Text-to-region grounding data
====
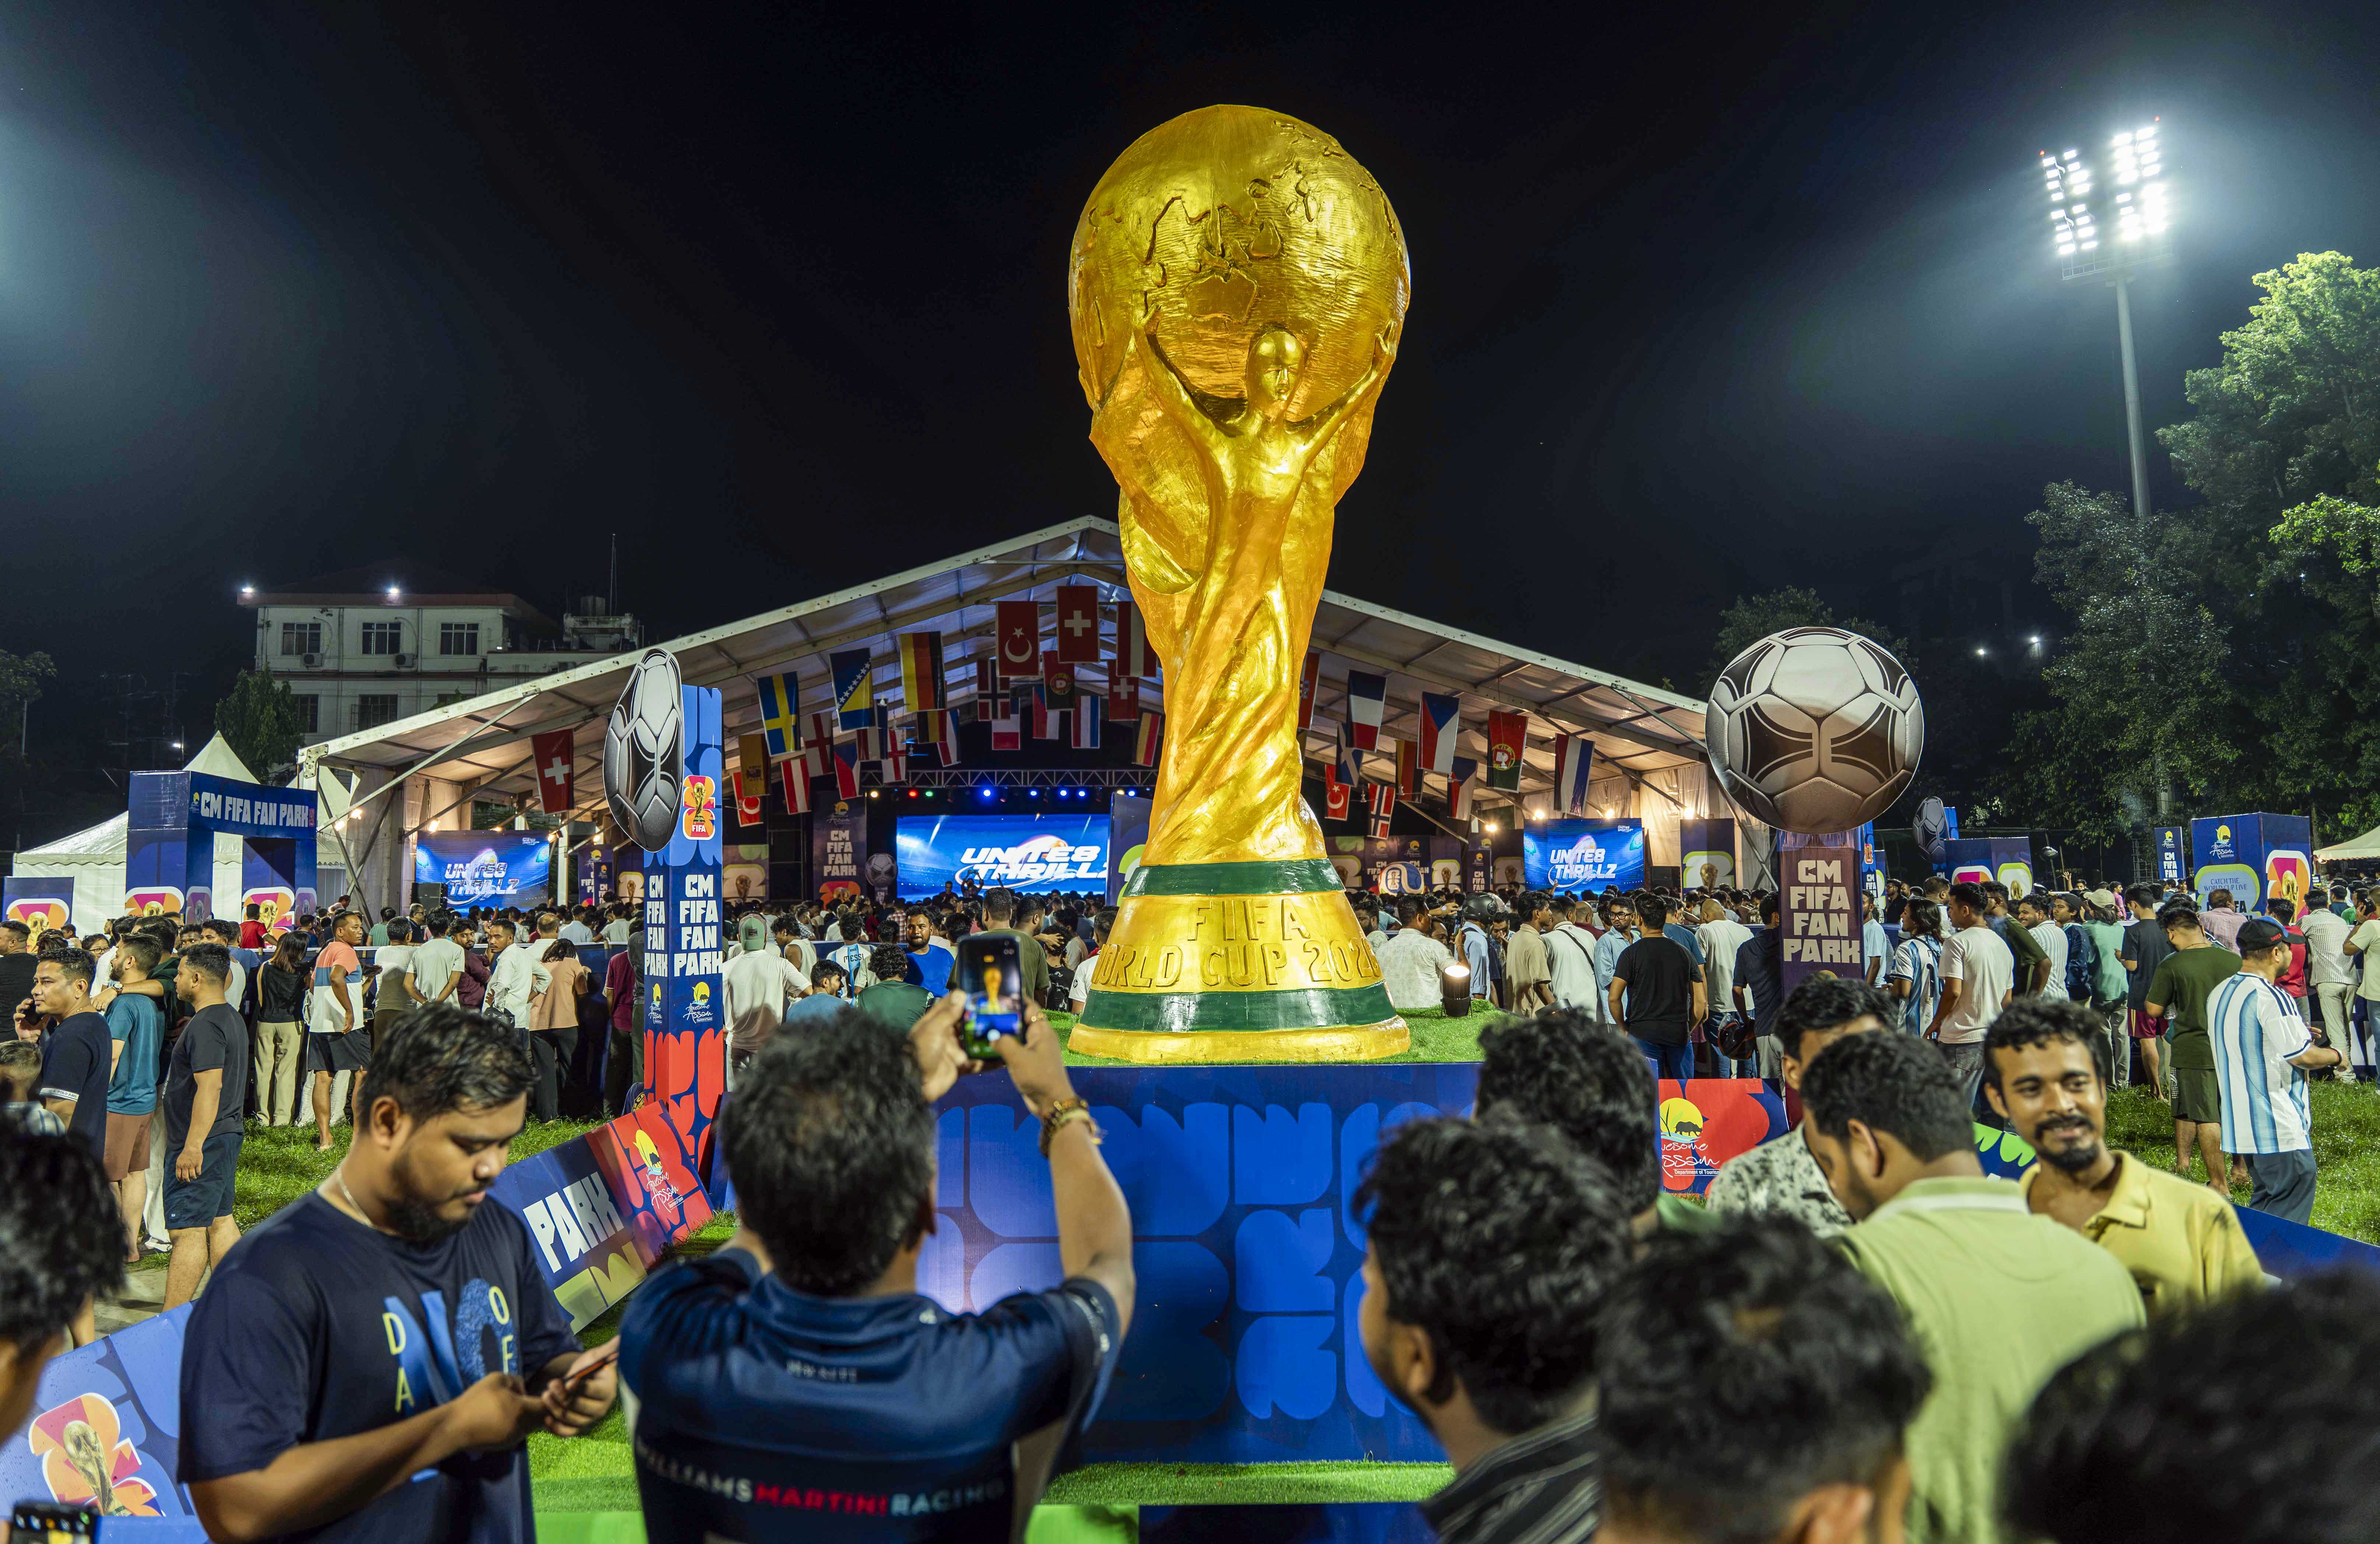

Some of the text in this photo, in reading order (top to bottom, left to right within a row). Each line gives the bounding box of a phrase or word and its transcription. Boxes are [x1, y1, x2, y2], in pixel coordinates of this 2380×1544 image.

[201, 792, 222, 819] CM
[225, 796, 251, 824] FIFA
[254, 801, 277, 825] FAN
[279, 804, 308, 827] PARK
[831, 830, 849, 841] CM
[827, 842, 853, 853] FIFA
[828, 853, 852, 864] FAN
[2165, 852, 2175, 860] CM
[824, 865, 857, 876] PARK
[1555, 864, 1617, 878] THRILLZ
[1798, 860, 1841, 883] CM
[2165, 870, 2177, 878] FAN
[649, 875, 663, 898] CM
[685, 874, 714, 898] CM
[1790, 887, 1850, 910] FIFA
[647, 901, 665, 924] FIFA
[680, 900, 719, 924] FIFA
[1187, 899, 1310, 941] FIFA
[1794, 913, 1848, 937] FAN
[647, 927, 664, 950] FAN
[681, 925, 717, 950] FAN
[844, 953, 864, 962] MESSI
[1200, 943, 1287, 987] CUP
[1303, 937, 1381, 982] 2026
[1783, 939, 1860, 964] PARK
[644, 953, 668, 977] PARK
[674, 951, 723, 977] PARK
[683, 1008, 713, 1024] Assam
[685, 1003, 709, 1011] Awesome
[1662, 1143, 1708, 1151] wesome
[1662, 1155, 1720, 1172] ssam
[652, 1183, 678, 1213] Assam
[523, 1172, 624, 1273] PARK
[755, 1482, 888, 1518] MARTINI
====
[TASK INSTRUCTIONS]:
Would you mind returning each entry above word for word, skipping the images?

[ANSWER TO THE EXERCISE]:
Some of the text in this photo, in reading order (top to bottom, left to right within a row). Each line gives the bounding box of a phrase or word and its transcription. Boxes are [x1, y1, x2, y2], in pixel coordinates of this 2380×1544 image.

[201, 792, 222, 819] CM
[225, 796, 251, 824] FIFA
[254, 801, 277, 825] FAN
[279, 804, 308, 827] PARK
[831, 830, 849, 841] CM
[827, 842, 853, 853] FIFA
[828, 853, 852, 864] FAN
[2165, 852, 2175, 860] CM
[824, 865, 857, 876] PARK
[1555, 864, 1617, 878] THRILLZ
[1798, 860, 1841, 883] CM
[2165, 870, 2177, 878] FAN
[649, 875, 663, 898] CM
[685, 874, 714, 898] CM
[1790, 887, 1850, 910] FIFA
[647, 901, 665, 924] FIFA
[680, 900, 719, 924] FIFA
[1187, 899, 1310, 941] FIFA
[1794, 913, 1848, 937] FAN
[647, 927, 664, 950] FAN
[681, 925, 717, 950] FAN
[844, 953, 864, 962] MESSI
[1200, 943, 1287, 987] CUP
[1303, 937, 1381, 982] 2026
[1783, 939, 1860, 964] PARK
[644, 953, 668, 977] PARK
[674, 951, 723, 977] PARK
[683, 1008, 713, 1024] Assam
[685, 1003, 709, 1011] Awesome
[1662, 1143, 1708, 1151] wesome
[1662, 1155, 1720, 1172] ssam
[652, 1183, 678, 1213] Assam
[523, 1172, 624, 1273] PARK
[755, 1482, 888, 1518] MARTINI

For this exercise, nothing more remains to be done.